In recent years, the humanities of pluralism have reasserted their commitment to understand the humanity of likeness, shared capacity, and common aspiration that was always implicit in them. The interplay of these two trajectories—the endeavor to describe human diversity and the investigation of the founding of this diversity on human commonality—is a source of much innovative thinking in humanistic research. The multidisciplinary reach of humanistic thought today creates productive interactions with fields once thought to be far from the humanities. The potential of these interactions to reshape research agendas and humanistic pedagogy calls out for collaborative exploration.
This new development comes from many quarters, arising especially, perhaps, from novel approaches to the analysis of deep-seated conceptual forms, expressive patterns, and configurations of practice.

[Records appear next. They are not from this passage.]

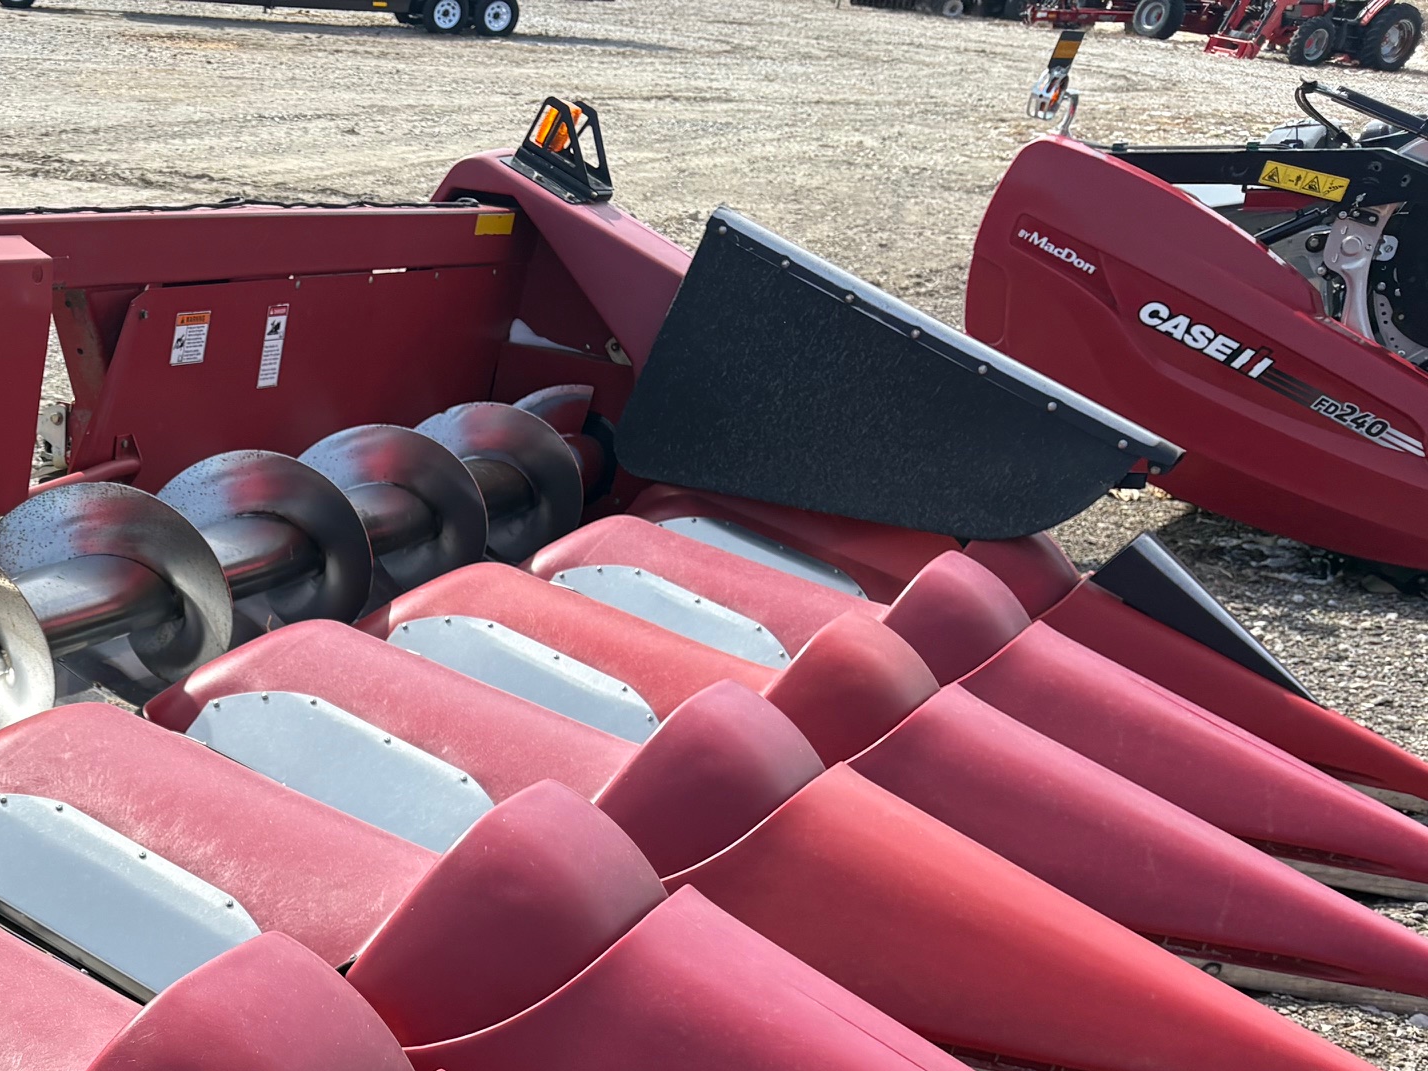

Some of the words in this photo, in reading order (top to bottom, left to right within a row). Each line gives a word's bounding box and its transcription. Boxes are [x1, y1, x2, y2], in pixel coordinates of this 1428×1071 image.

[1018, 228, 1031, 240] BY
[1028, 231, 1097, 275] MacDon
[1138, 301, 1241, 363] CASE
[1312, 396, 1389, 438] FD240
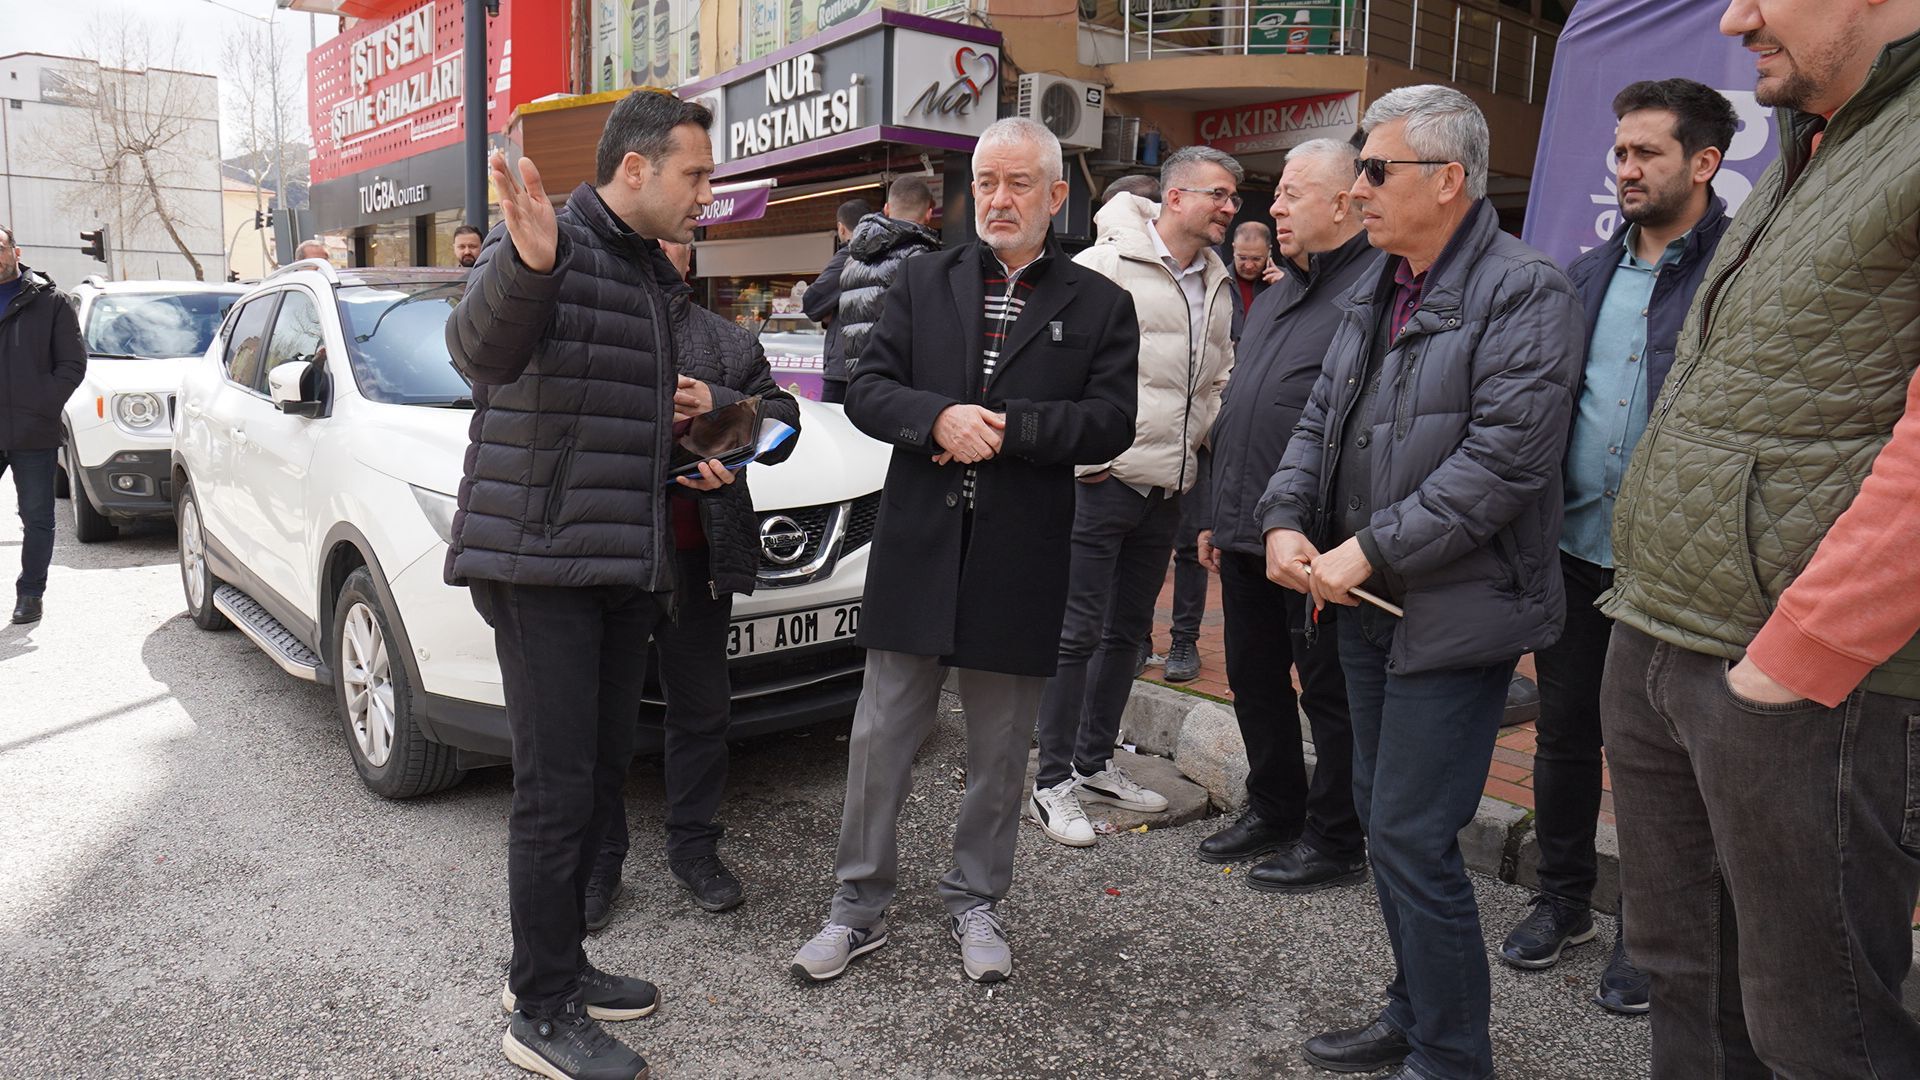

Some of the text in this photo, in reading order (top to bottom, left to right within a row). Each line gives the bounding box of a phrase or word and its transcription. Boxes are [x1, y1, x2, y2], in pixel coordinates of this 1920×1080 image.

[376, 58, 461, 124] CİHAZLARI
[766, 53, 816, 106] NUR
[731, 73, 859, 159] PASTANESİ
[1201, 99, 1353, 145] ÇAKIRKAYA
[359, 175, 425, 214] TUĞBA OUTLET
[763, 533, 804, 548] NISSAN
[727, 605, 861, 656] 31 AOM 20
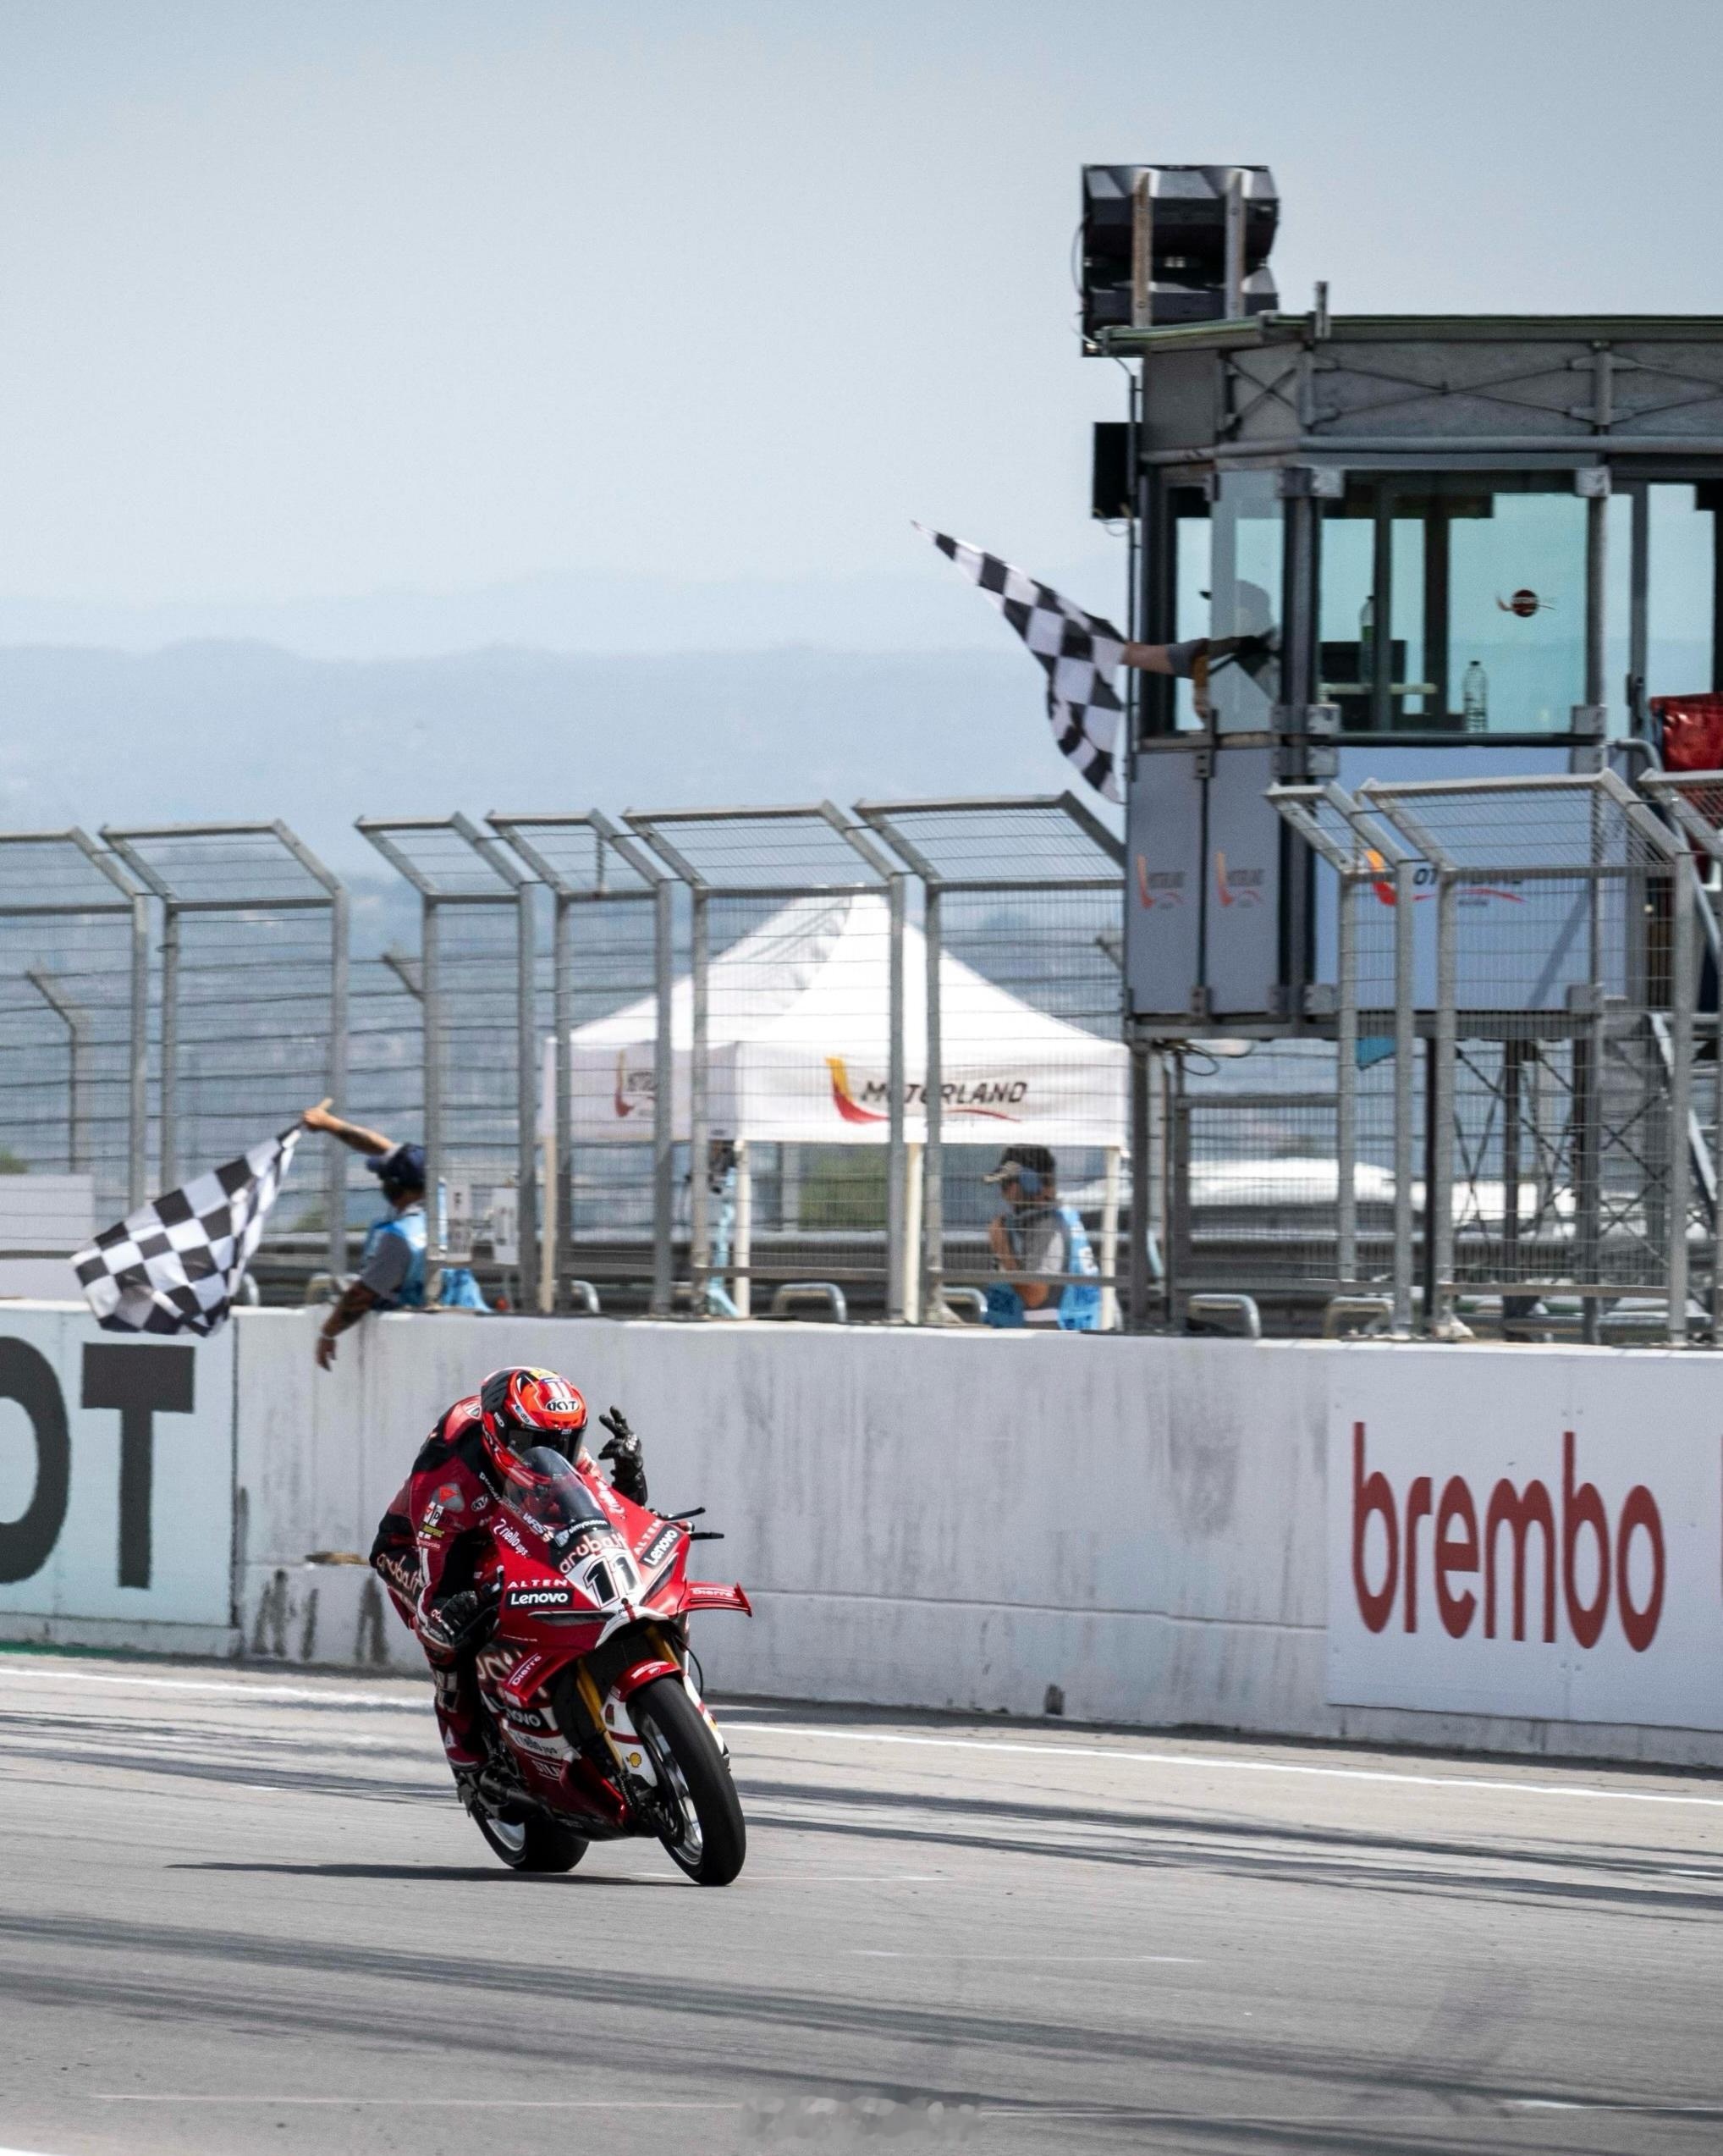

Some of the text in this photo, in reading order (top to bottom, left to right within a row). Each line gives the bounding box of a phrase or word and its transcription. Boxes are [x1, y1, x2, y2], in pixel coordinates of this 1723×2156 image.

Many examples of these approaches might be cited: emergent complexity in dynamic cultural systems, cultural geographies, the play of scale in human histories, the relations of material and virtual media, the connections and distinctions of information and semiosis, the interplay of aesthetic presence and aesthetic interpretation, and a revisiting of the nature of historicity in and beyond the humanities. These approaches are not new in themselves, but each is entering in new ways into humanistic thought. Many more innovative areas might be suggested by Yale faculty from the vantages of their own research programs, and it is the aim of Humanities/Humanity to support them.
After each workshop, the group or some subgroup of its members will submit a report discussing the outcome and implications of the conversations, normally by the end of the summer following the workshop. These will be published electronically and with open access on the Whitney Humanities Center website.
- Workshop title and description. In no more than 1,500 words, describe the topics and issues to be discussed and their significance.
- Preliminary roster of 8–15 participants (inclusive of Yale faculty sponsors), accompanied by a brief description of the areas of expertise and expected contributions of each.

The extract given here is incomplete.